Segment Start: Stored data
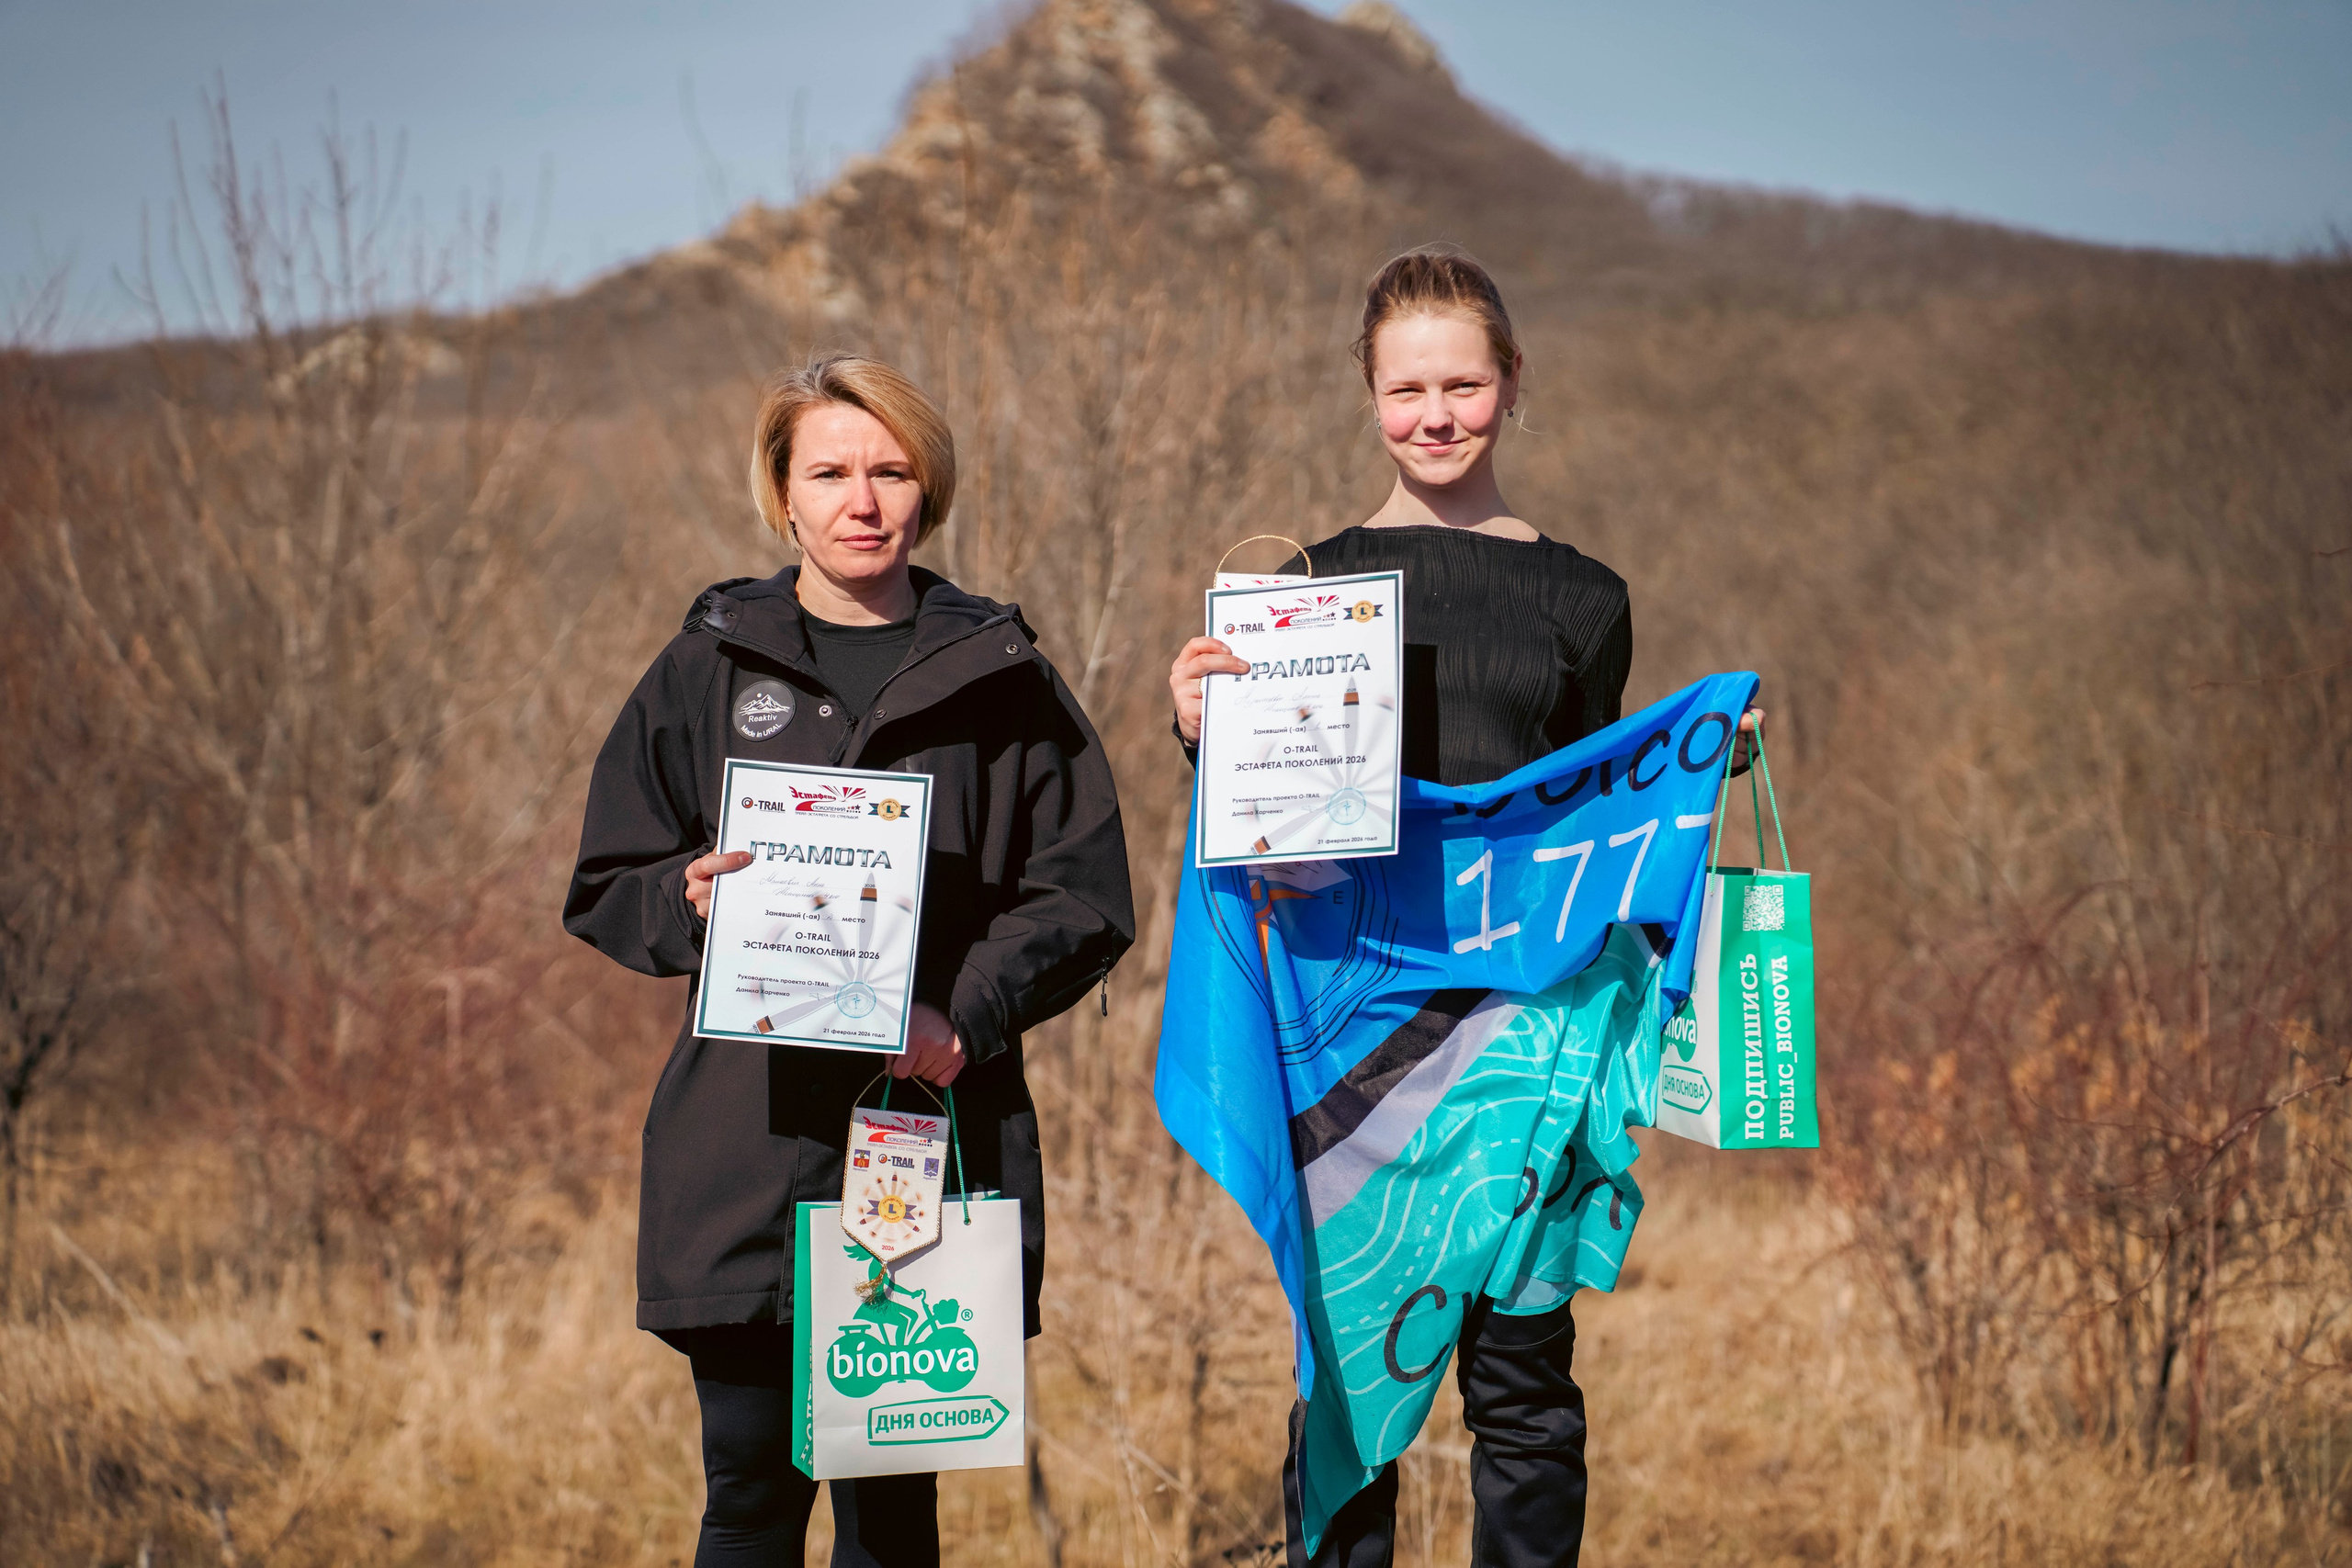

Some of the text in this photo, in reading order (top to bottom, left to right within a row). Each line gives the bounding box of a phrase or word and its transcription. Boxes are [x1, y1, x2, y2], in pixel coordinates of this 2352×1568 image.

[1235, 653, 1371, 682] РАМОТА
[741, 724, 755, 738] Made
[763, 722, 782, 737] URAL
[1283, 745, 1318, 754] O-TRAIL
[1235, 755, 1366, 772] ЭСТАФЕТА ПОКОЛЕНИЙ 2026
[788, 785, 837, 800] Эстафета
[812, 805, 846, 813] ПОКОЛЕНИЙ
[750, 840, 892, 869] ГРАМОТА
[764, 909, 801, 919] Занявший
[796, 931, 831, 942] O-TRAIL
[742, 941, 880, 960] ЭСТАФЕТА ПОКОЛЕНИЙ 2026
[737, 974, 779, 983] Руководитель
[807, 979, 830, 987] O-TRAIL
[760, 988, 790, 997] Харченко
[1663, 1016, 1697, 1044] nova
[1740, 953, 1768, 1140] ПОДПИШИСЬ
[1664, 1074, 1705, 1100] ДНЯ ОСНОВА
[832, 1341, 976, 1379] bionova
[875, 1407, 994, 1433] ДНЯ ОСНОВА
Segment End: Stored data
◆ Problem to solve ◆
Give back every record above word for word, dropping pictures.

◆ Solution below ◆
Some of the text in this photo, in reading order (top to bottom, left to right within a row). Each line gives the bounding box of a phrase or word and its transcription. Boxes are [x1, y1, x2, y2], in pixel coordinates of this 2352×1568 image.

[1235, 653, 1371, 682] РАМОТА
[741, 724, 755, 738] Made
[763, 722, 782, 737] URAL
[1283, 745, 1318, 754] O-TRAIL
[1235, 755, 1366, 772] ЭСТАФЕТА ПОКОЛЕНИЙ 2026
[788, 785, 837, 800] Эстафета
[812, 805, 846, 813] ПОКОЛЕНИЙ
[750, 840, 892, 869] ГРАМОТА
[764, 909, 801, 919] Занявший
[796, 931, 831, 942] O-TRAIL
[742, 941, 880, 960] ЭСТАФЕТА ПОКОЛЕНИЙ 2026
[737, 974, 779, 983] Руководитель
[807, 979, 830, 987] O-TRAIL
[760, 988, 790, 997] Харченко
[1663, 1016, 1697, 1044] nova
[1740, 953, 1768, 1140] ПОДПИШИСЬ
[1664, 1074, 1705, 1100] ДНЯ ОСНОВА
[832, 1341, 976, 1379] bionova
[875, 1407, 994, 1433] ДНЯ ОСНОВА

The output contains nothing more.